The Hall of Famer pitched nineteen seasons in the majors for ten teams, with his longest stint being with the Brooklyn Robins, one of many nicknames used, sometimes several at a given time, by the Brooklyn Base Ball Club, from 1918 to 1926.  The team, however, was informally known as the “Trolley Dodgers” over the years and officially adopted the name “Dodgers” in 1932.  For the 1928 season, however, Grimes was in his second stint with the Pittsburgh Pirates.

The Wisconsin native won 270 games and lost 212 in his career and posted a 3.53 earned run average.  In an era where pitchers could have up to 40 decisions in a season and routinely rack up well over 300 innings, Grimes had five seasons of 20 wins or more, but his best season was in 1928, featured in the article which was titled “The Ace of National League Hurlers.”

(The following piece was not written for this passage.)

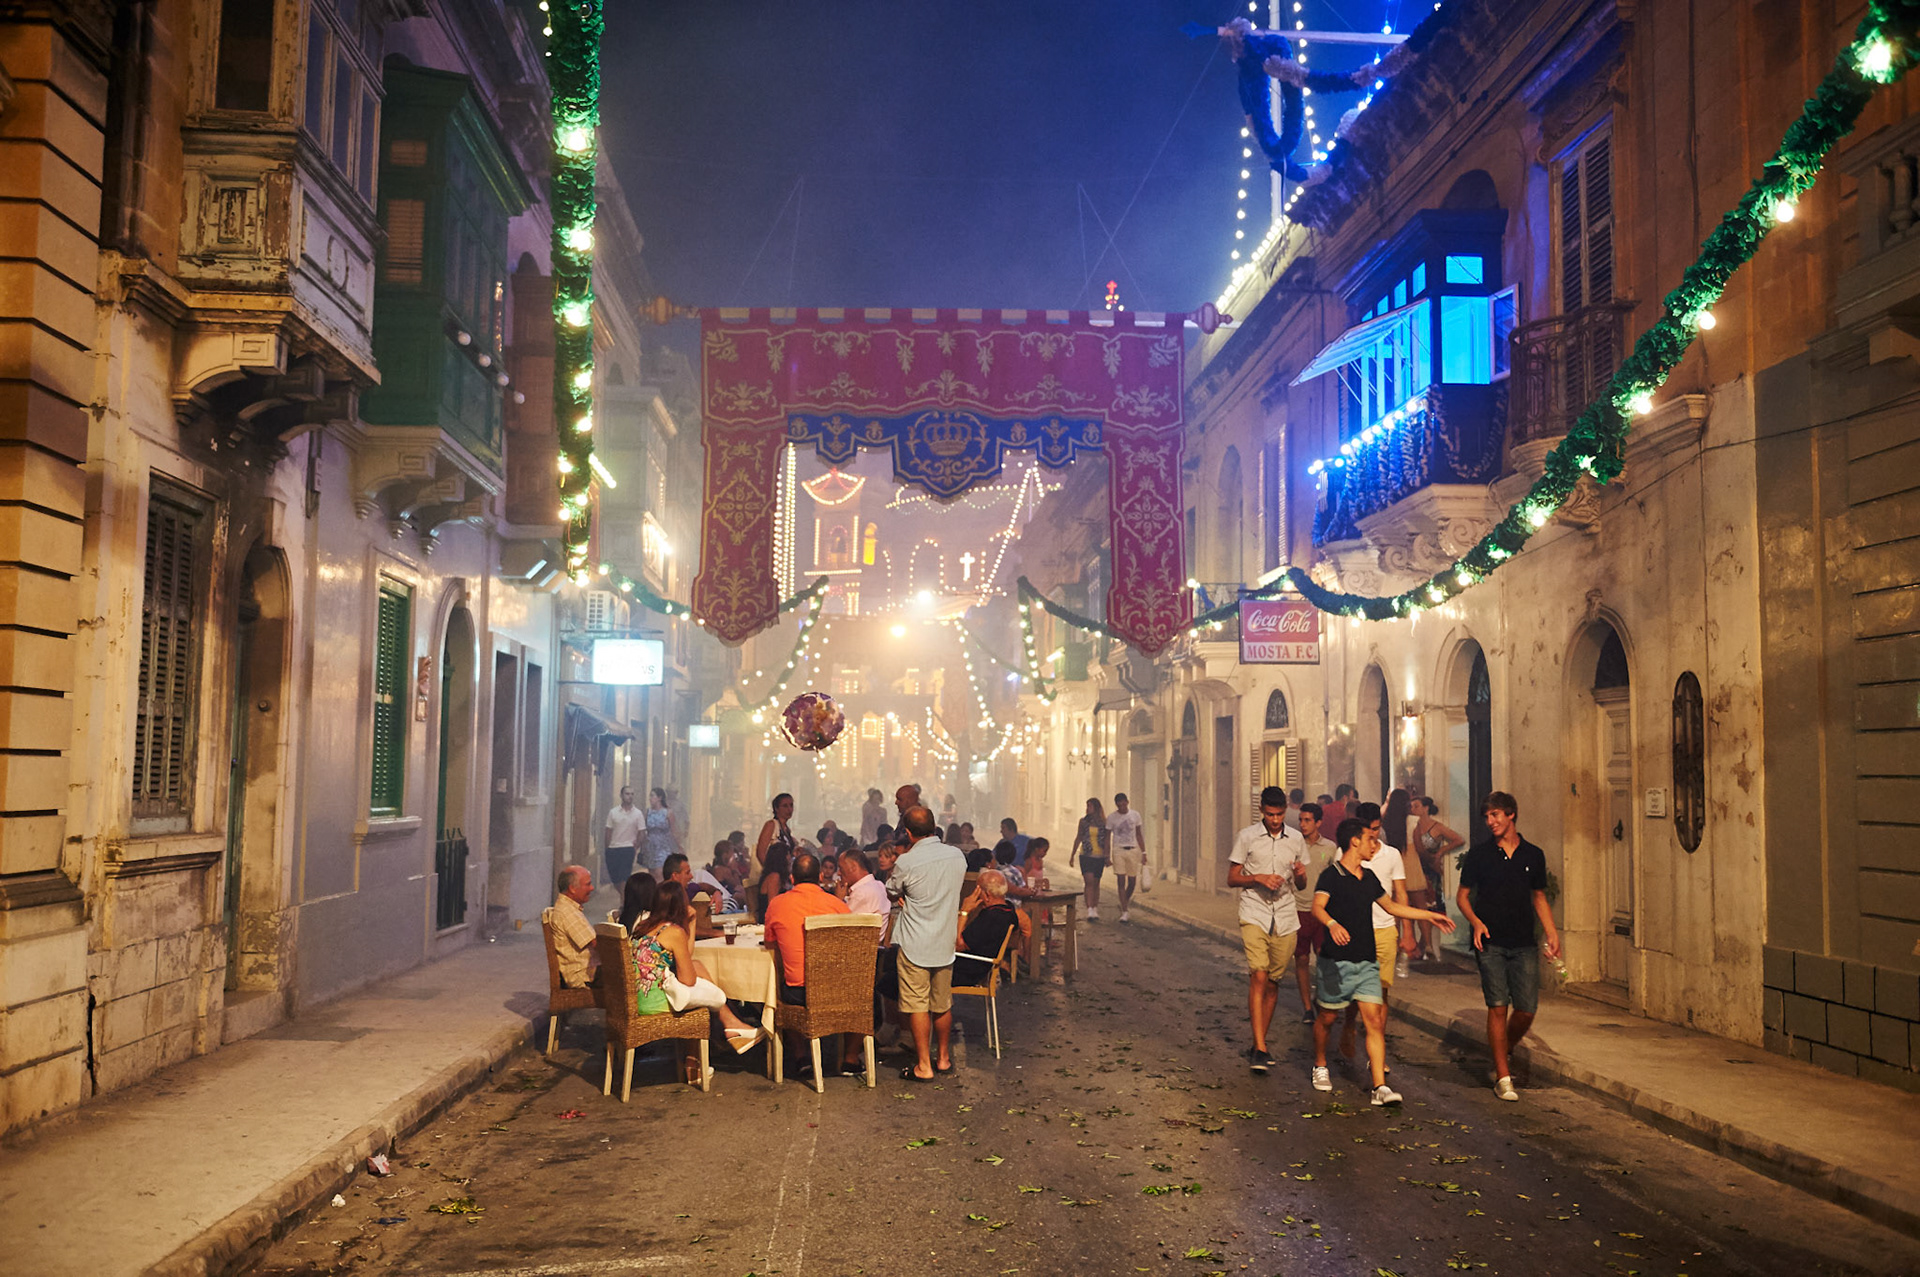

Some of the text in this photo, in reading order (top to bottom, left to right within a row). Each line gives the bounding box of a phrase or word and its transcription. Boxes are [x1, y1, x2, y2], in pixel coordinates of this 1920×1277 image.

[1247, 609, 1313, 633] Coca-Cola
[1247, 645, 1317, 659] MOSTA F.C.
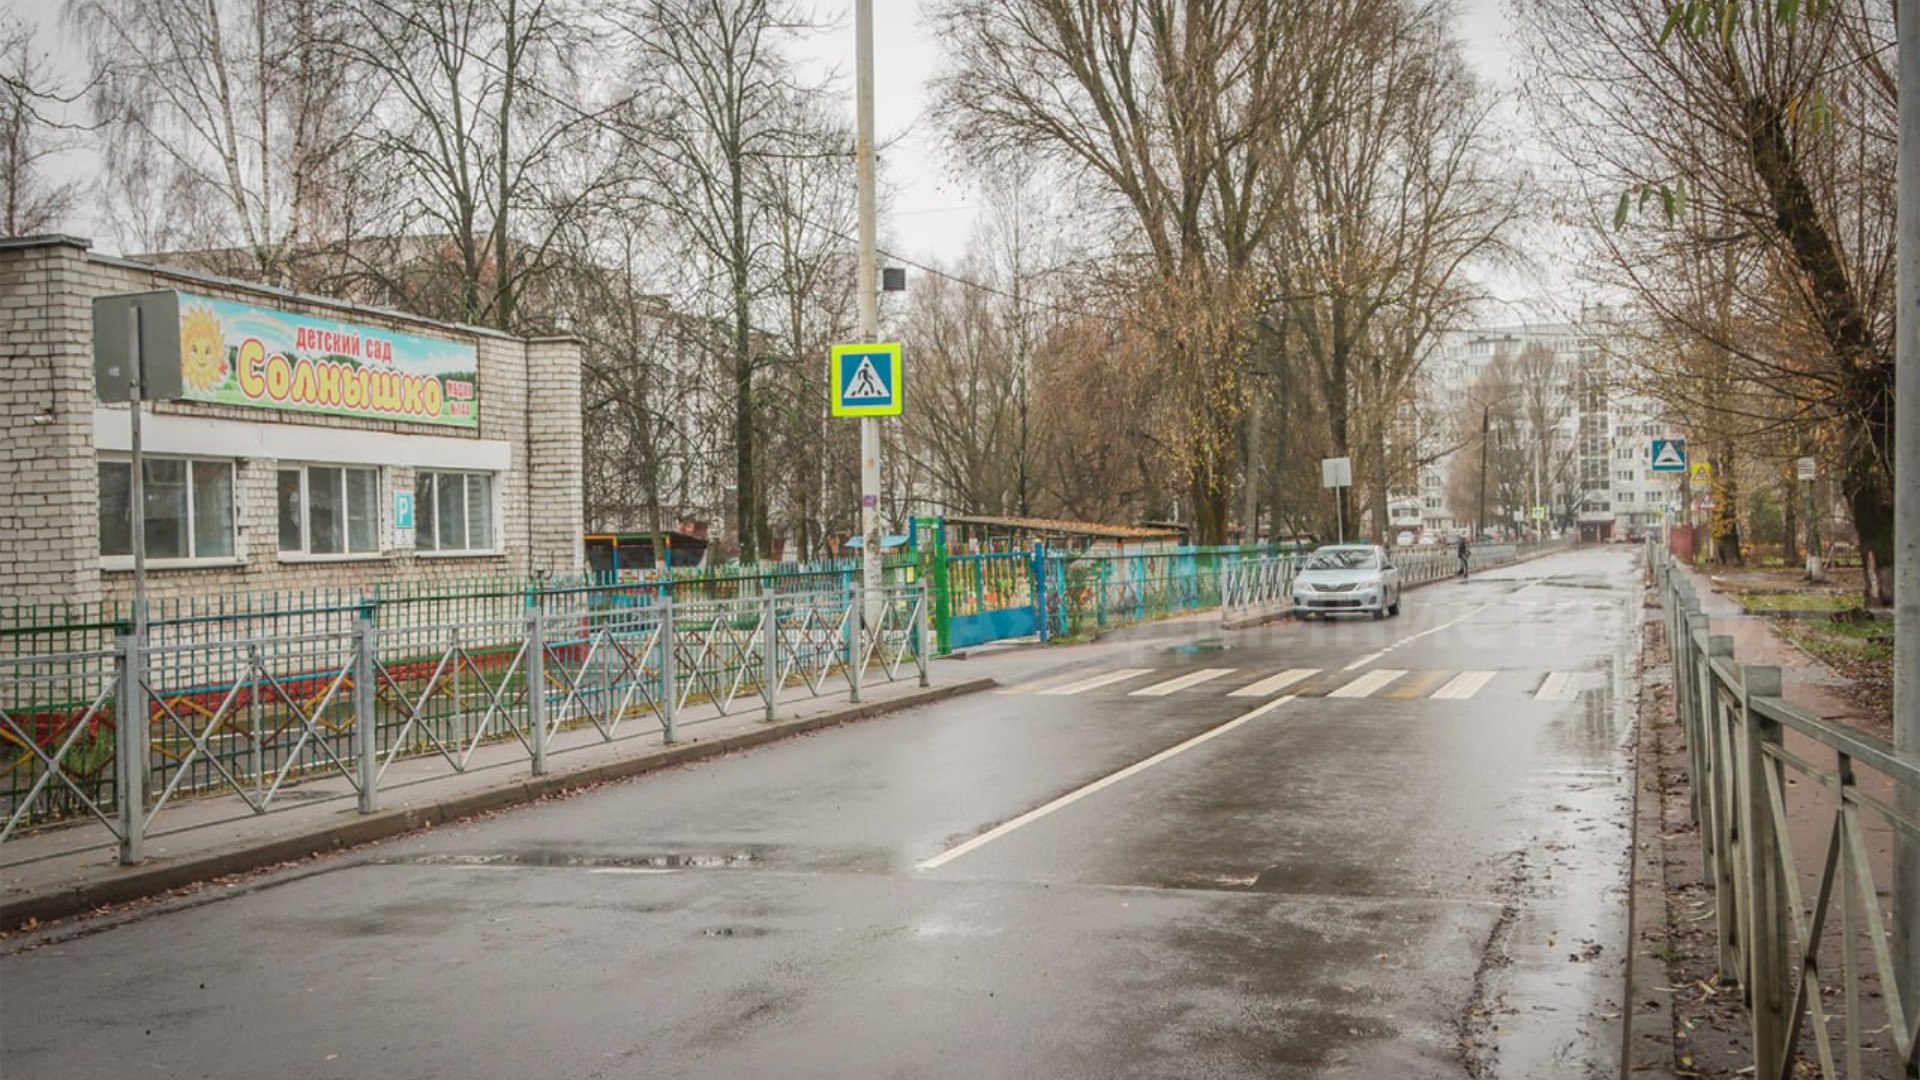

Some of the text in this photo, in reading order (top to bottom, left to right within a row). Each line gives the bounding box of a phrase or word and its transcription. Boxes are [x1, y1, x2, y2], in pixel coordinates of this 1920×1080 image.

That season the 34-year old Grimes won 25 games and lost 14 for the fourth-place Pirates, who compiled a record of 85-67, and he sported an era of 2.99 over 330 innings.  He pitched in a remarkable 48 contests during the year, including some relief appearances, and had an amazing 28 complete games.  Yet, he well could have won 30 games or more except for a July injury to his pitching hand that rendered him far less effective in the last weeks of the season.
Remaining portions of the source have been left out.